In that moment, Tanny Brown looked like a man primed to explode. I thought you understood one thing,' the detective said, almost whispering.

'What?'

'That in this town until that man pays, the murder of Joanie Shriver will never be closed.'

'That's the question, isn't it? Who pays?'

'We're all paying. All of us. All the time.' He slammed his fist down hard on the table. The sound echoed in the small room. 'You got something to say, say it!'

Matthew Cowart thought hard about what he knew and what he didn't know and finally replied, 'Blair Sullivan told me where to find that knife.'

The name had the expected impact on the policeman. He looked surprised, then shocked, like a batter expecting a fastball watching a curve dip over the corner of the plate.

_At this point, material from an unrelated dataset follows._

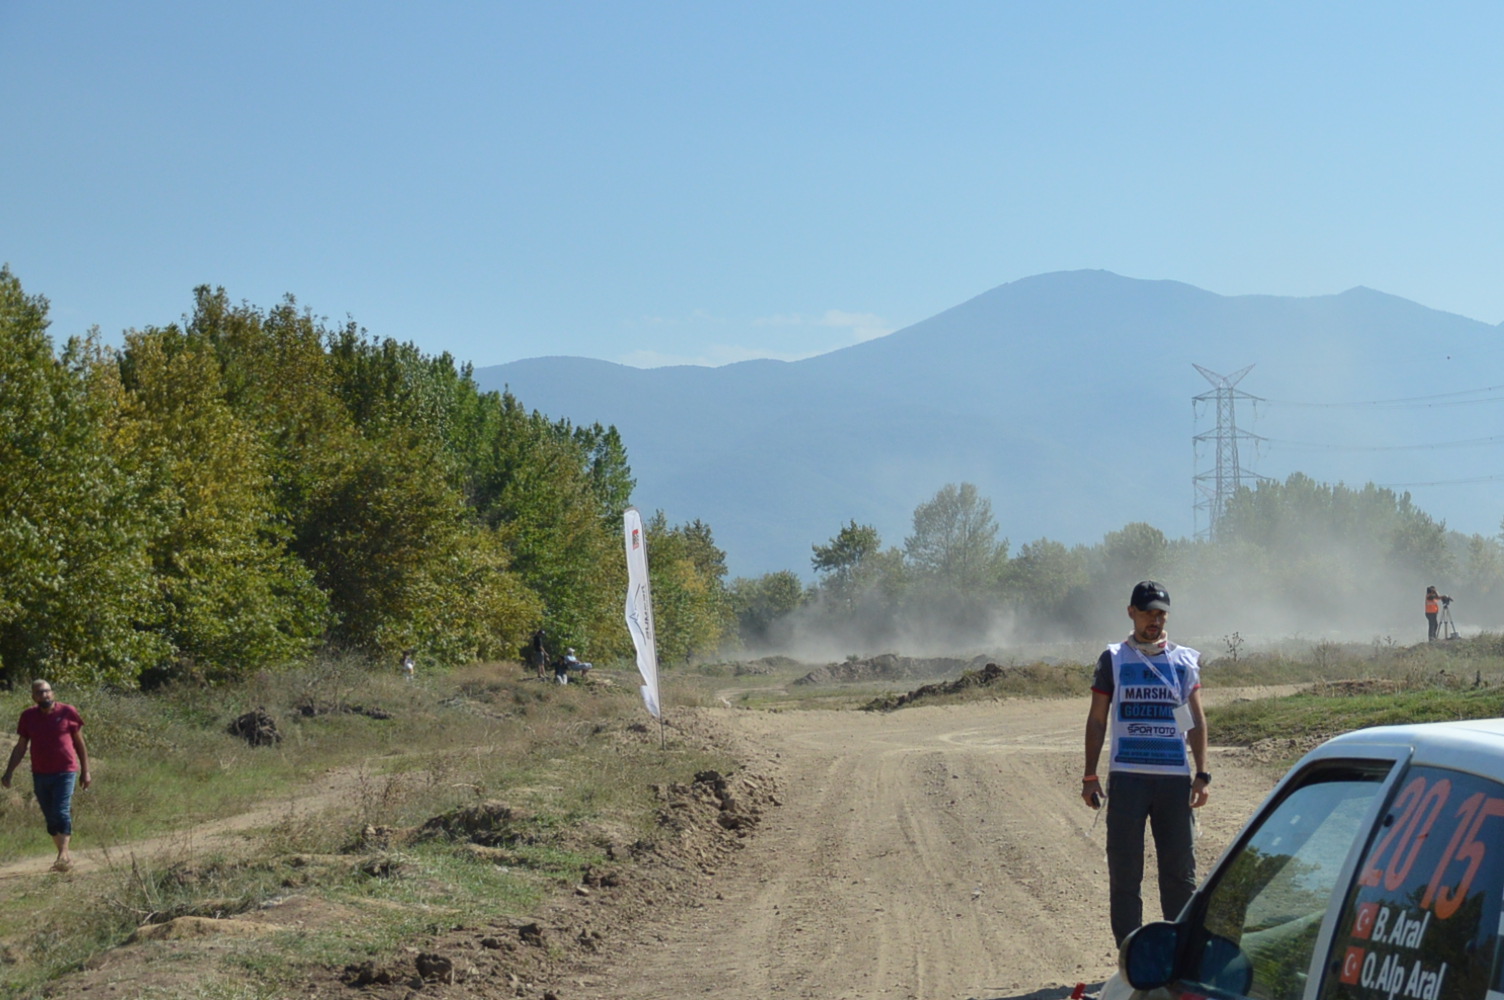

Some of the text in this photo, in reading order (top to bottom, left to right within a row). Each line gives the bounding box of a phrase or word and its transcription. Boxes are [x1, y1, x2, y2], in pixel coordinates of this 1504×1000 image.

[1125, 688, 1176, 700] MARSHA
[1125, 703, 1173, 717] GÖZETME
[1127, 726, 1176, 735] SPOR TOTO
[1358, 776, 1452, 892] 20

'Sullivan? What has he got to do with this?'

'You ought to know. He passed by Pachoula in May 1987, busy killing all sorts of folks.'

I know that, but…'

'And he knew where the knife was.'

Brown stared at him. A few stretched seconds of silence filled the room. 'Did Sullivan say he killed Joanie Shriver?'

'No, he didn't.'

'Did he say Ferguson didn't kill that girl?'

'Not exactly, but

'Did he say anything exactly to contradict the original trial?'

'He knew about the knife.'

'He knew about a knife. We don't know it is the knife, and without any forensics, it's nothing more than a piece of rusted metal. Come on, Cowart, you know Sullivan's stone crazy. Did he give you anything that could even remotely be called evidence?'

Brown's eyes had narrowed. Cowart could see him processing information rapidly, speculating, absorbing, discarding. He thought right then: It's too hard for him. He won't want to consider any possibilities of mistake. He has his killer and he's satisfied.

'Nothing else.'

'Then that's not enough to reopen an investigation that resulted in a conviction.'

'No? Okay. Get ready to read it in the paper. Then we'll see if it's enough.'

The policeman glared at Cowart and pointed at the door. 'Leave, Mr. Cowart. Leave right now. Get in your rental car and go back to the motel. Pack your bags. Drive to the airport. Get on a plane and go back to your city. Don't come back. Understand?'

Cowart bristled. He could feel a surge of his own frustrated anger pushing through him. 'Are you threatening me?'

The detective shook his head. 'No. I'm giving advice.'

'And?'

'Take it.'

Matthew Cowart picked himself out of the chair and gave the detective a long stare. The two men's eyes locked, a visual game of arm wrestling. When the detective finally swerved away, turning his back, Cowart spun about and walked through the door, closed it sharply behind him, and paced briskly through the bright fluorescent lights of the police headquarters, as if pushing a wave in front of him, watching uniformed officers and other detectives step aside. He could sense the pressure of their eyes on his back as he stepped through the corridors, quieting a dozen conversations in his wake. He heard a few words muttered behind him, heard his name spoken several times with distaste. He didn't glance around, didn't alter his step. He rode the elevator alone and walked out through the wide glass doors onto the street. There he turned and looked back up toward the detective's office. For an instant he could see Tanny Brown standing in his window, staring out at him. Again their eyes locked. Matthew Cowart shook his head slightly, just the barest motion from side to side.